Friends, you must have heard about Mutual Funds, but in the absence of information, what is this Mutual Fund? And how does it work? Most people are afraid to invest in it, as well as not knowing the right way and platform to invest, many people are hesitant to invest in it. Today we will give you information about mutual funds in simple language and will tell why it is right and how to invest in mutual funds.
A mutual fund is a company that collects money from different people, which it invests in stocks, bonds, and other financial assets. All these combined holdings (stocks, bonds, and other assets) of that company are called portfolios of that company. Each mutual fund is managed by an asset manager.
There is a very good and easy way to earn money from mutual funds. It is not necessary that you have thousands of rupees to invest in this, but you can also invest in it at the rate of only 500 rupees per month.
What is Mutual Fund? What is Mutual Fund?
Mutual Fund is a method of investment, through which investment can be started without even knowing the stock market and with very little money Mutual fund is an easy and safe way in which we do not invest our money ourselves but in asset management. Company (AMC).
As the name suggests, a mutual fund is a fund consisting of small investments made by an asset management company (AMC) by a fund manager, who is an investment guru or has a lot of experience in investing. There is a person with whom, little by little, is invested in different places.

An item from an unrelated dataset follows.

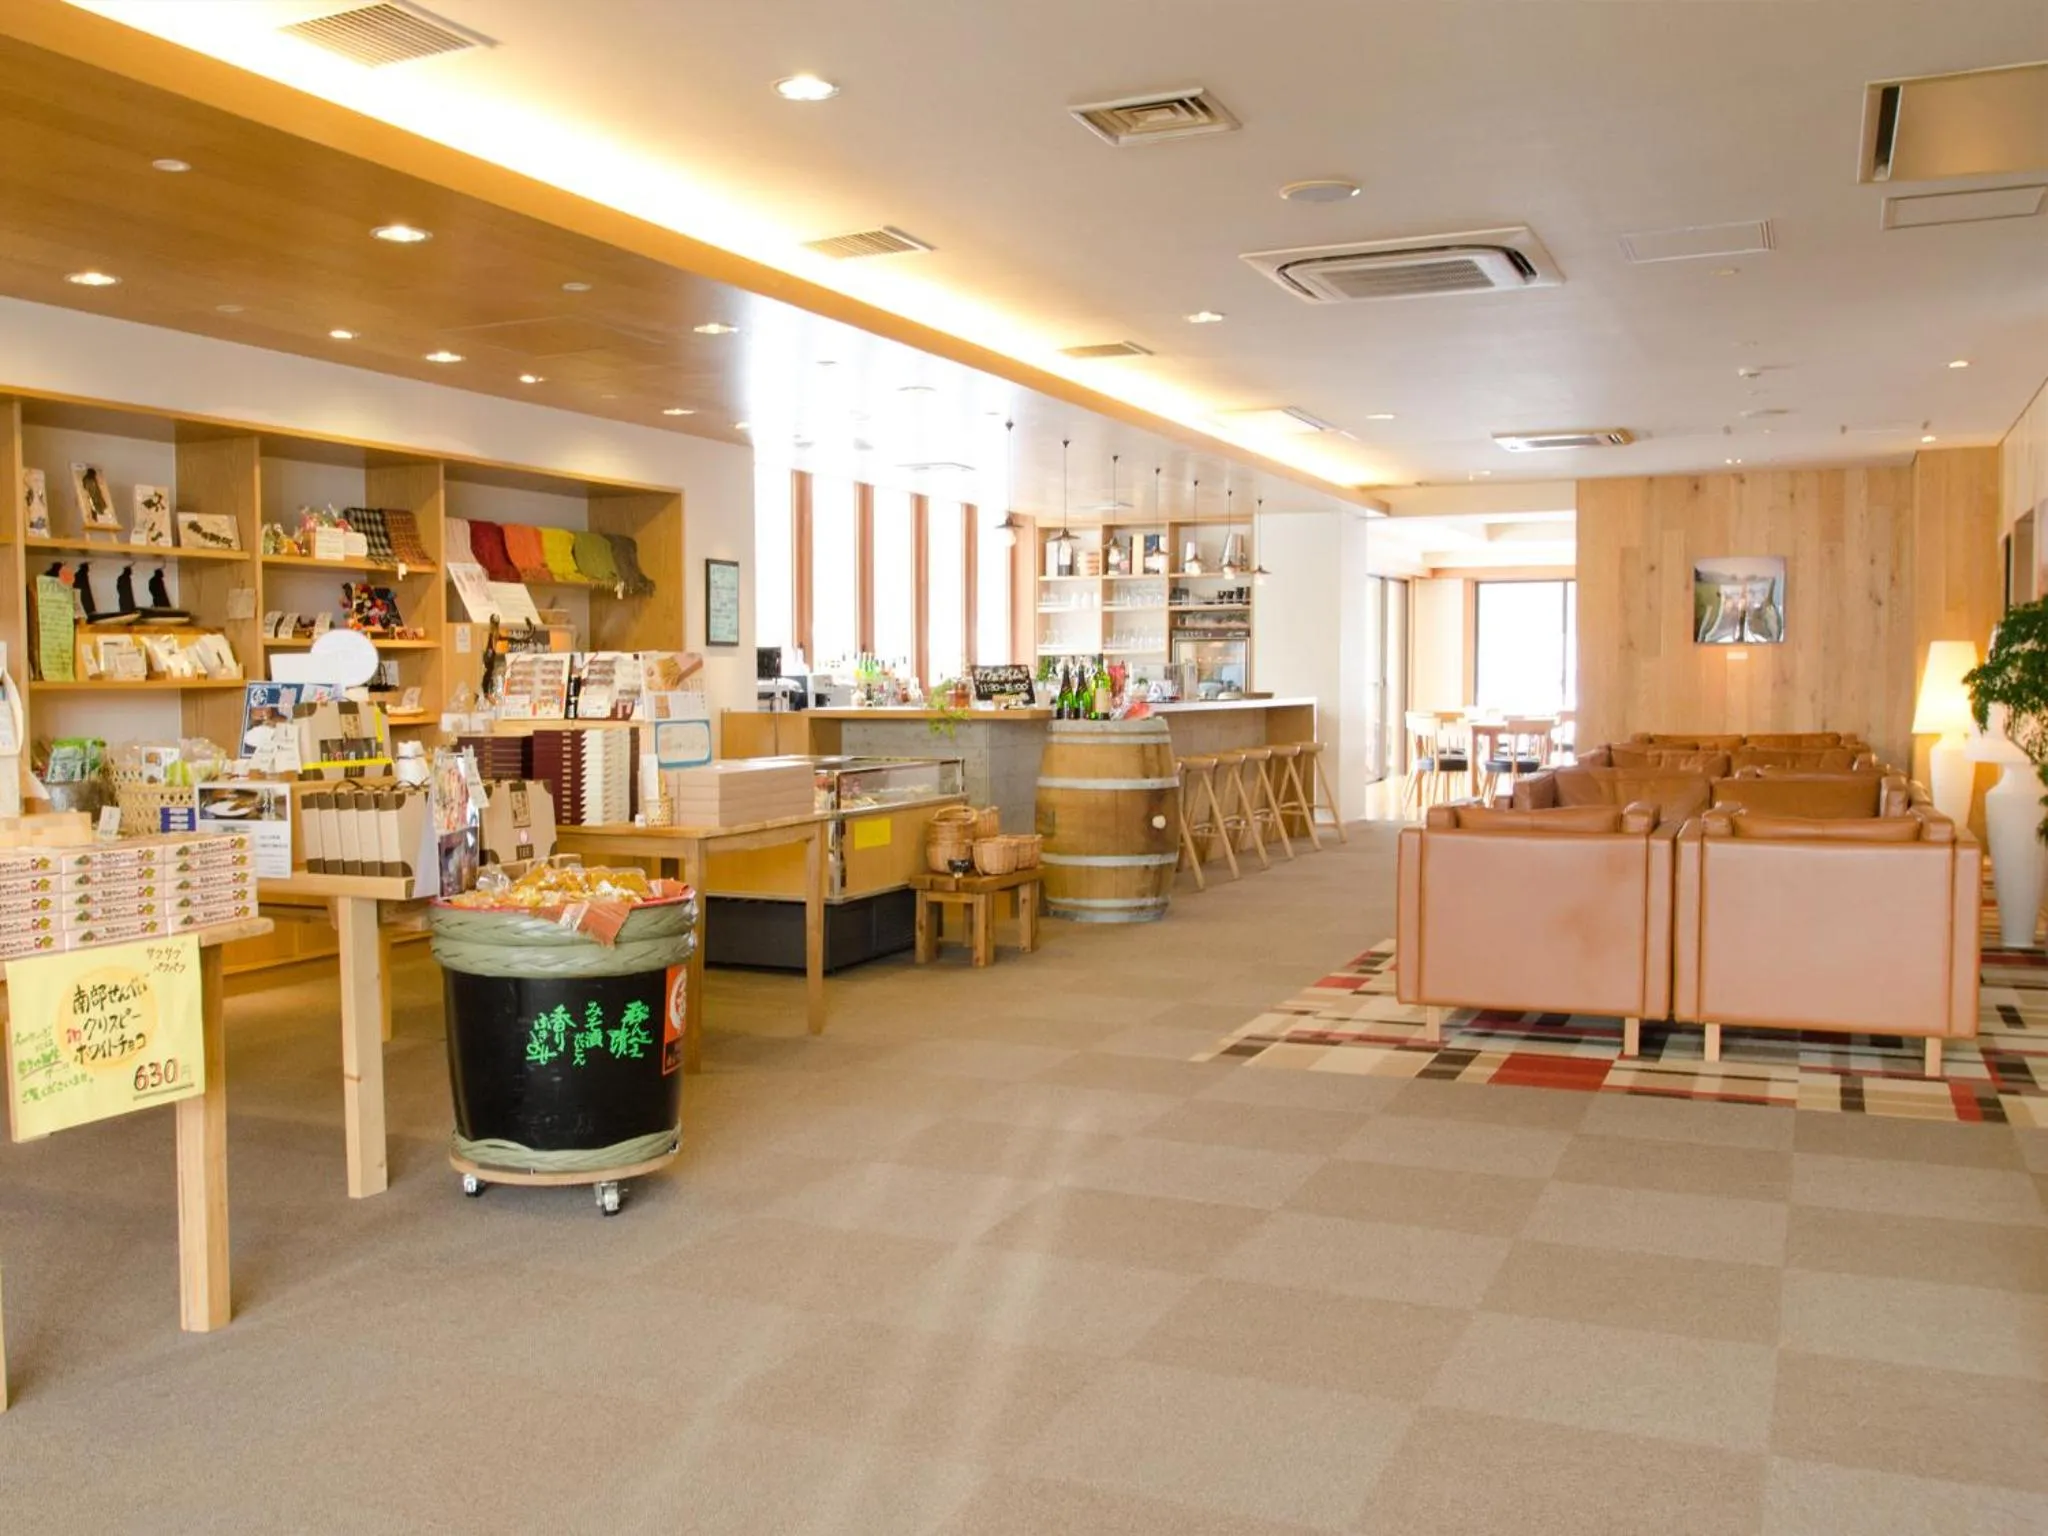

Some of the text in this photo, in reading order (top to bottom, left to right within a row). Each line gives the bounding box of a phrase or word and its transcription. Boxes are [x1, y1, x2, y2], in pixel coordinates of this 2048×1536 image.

[73, 1032, 148, 1065] ホワイトチョコ

In mutual funds, our money is invested in the stock market or stock market, bonds, securities or commodities etc. In mutual funds, the investor is the owner and sharer of whatever shares he gets from his invested money, whatever profit is made in the investment. The investor can get profits and losses in proportion to the investment in it.
Types of Mutual Funds
There are many types of Mutual Funds. We can divide them into 2 categories. One is the type of mutual fund based on structure and the second is the type of mutual fund based on the asset.

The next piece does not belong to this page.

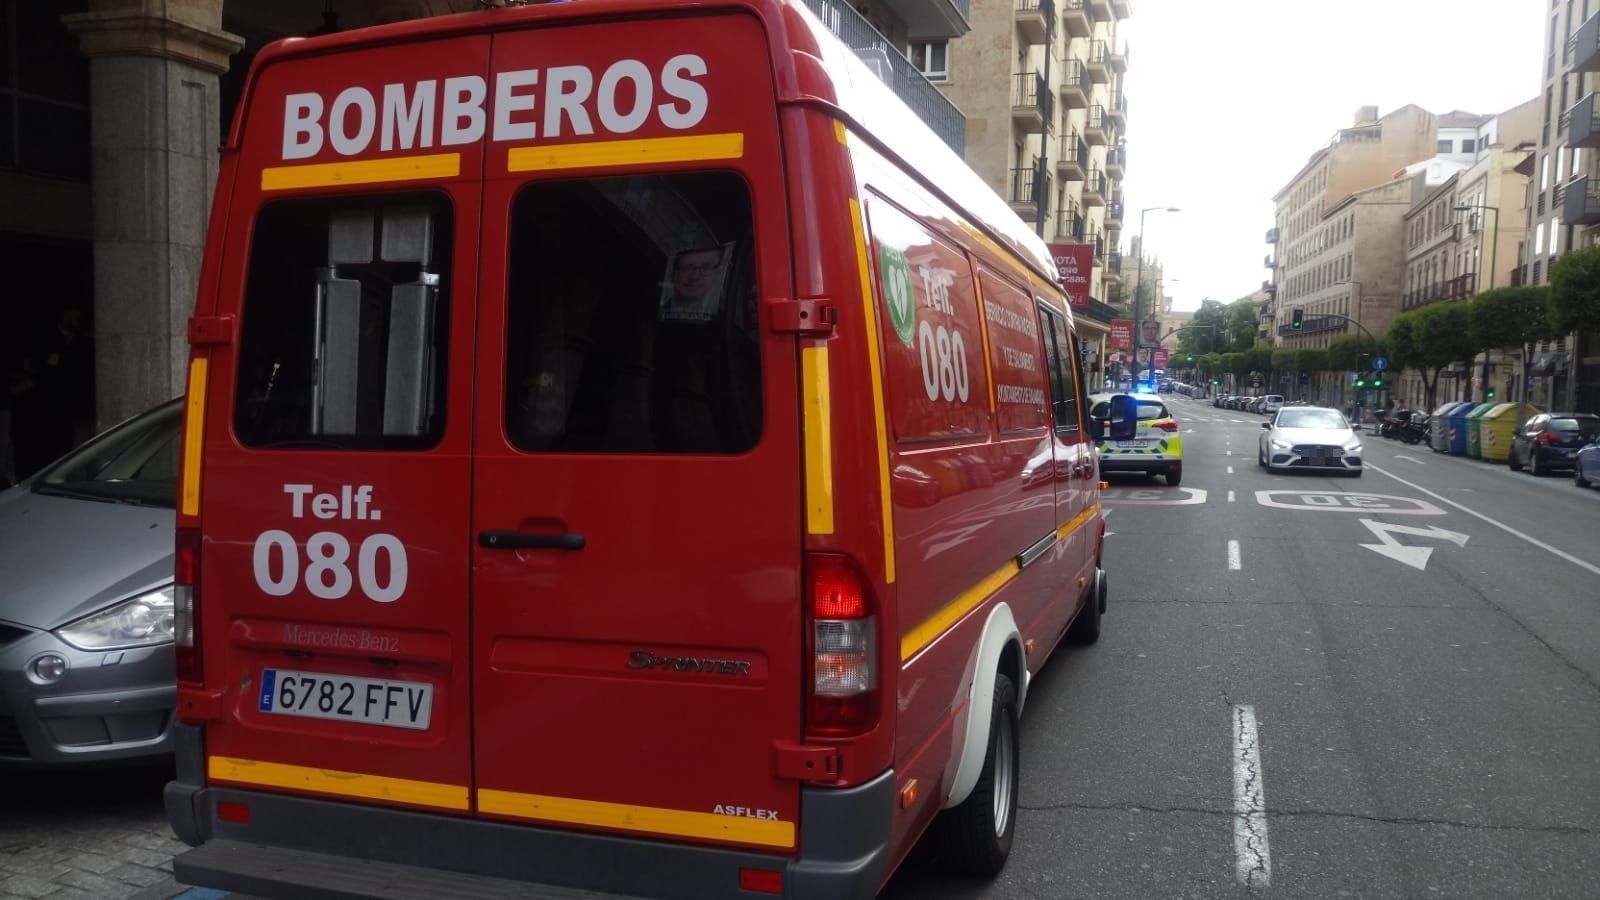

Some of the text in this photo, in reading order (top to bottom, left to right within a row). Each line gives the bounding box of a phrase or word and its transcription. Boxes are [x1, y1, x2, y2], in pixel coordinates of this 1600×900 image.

A) Types of Mutual Funds based on Structure
- Open Ended Mutual Fund
- Close-ended Mutual Fund
- Interval Funds
It allows investors to trade funds at pre-determined intervals. And trading of funds can be done on that fixed period.
It was talked about the type of Mutual Funds based on the structure, now we will talk about how many types of Mutual Funds are taken based on assets.
B) Types of Mutual Funds by Asset
- Debt Funds
- Liquid Mutual Funds
- Equity Funds
- Money Market Funds
- Balanced Mutual Funds
These types of funds give investors stability in income on the one hand and the other hand they also provide impetus to income growth.
Apart from these funds, there are many types of funds, but these are the main and most used funds.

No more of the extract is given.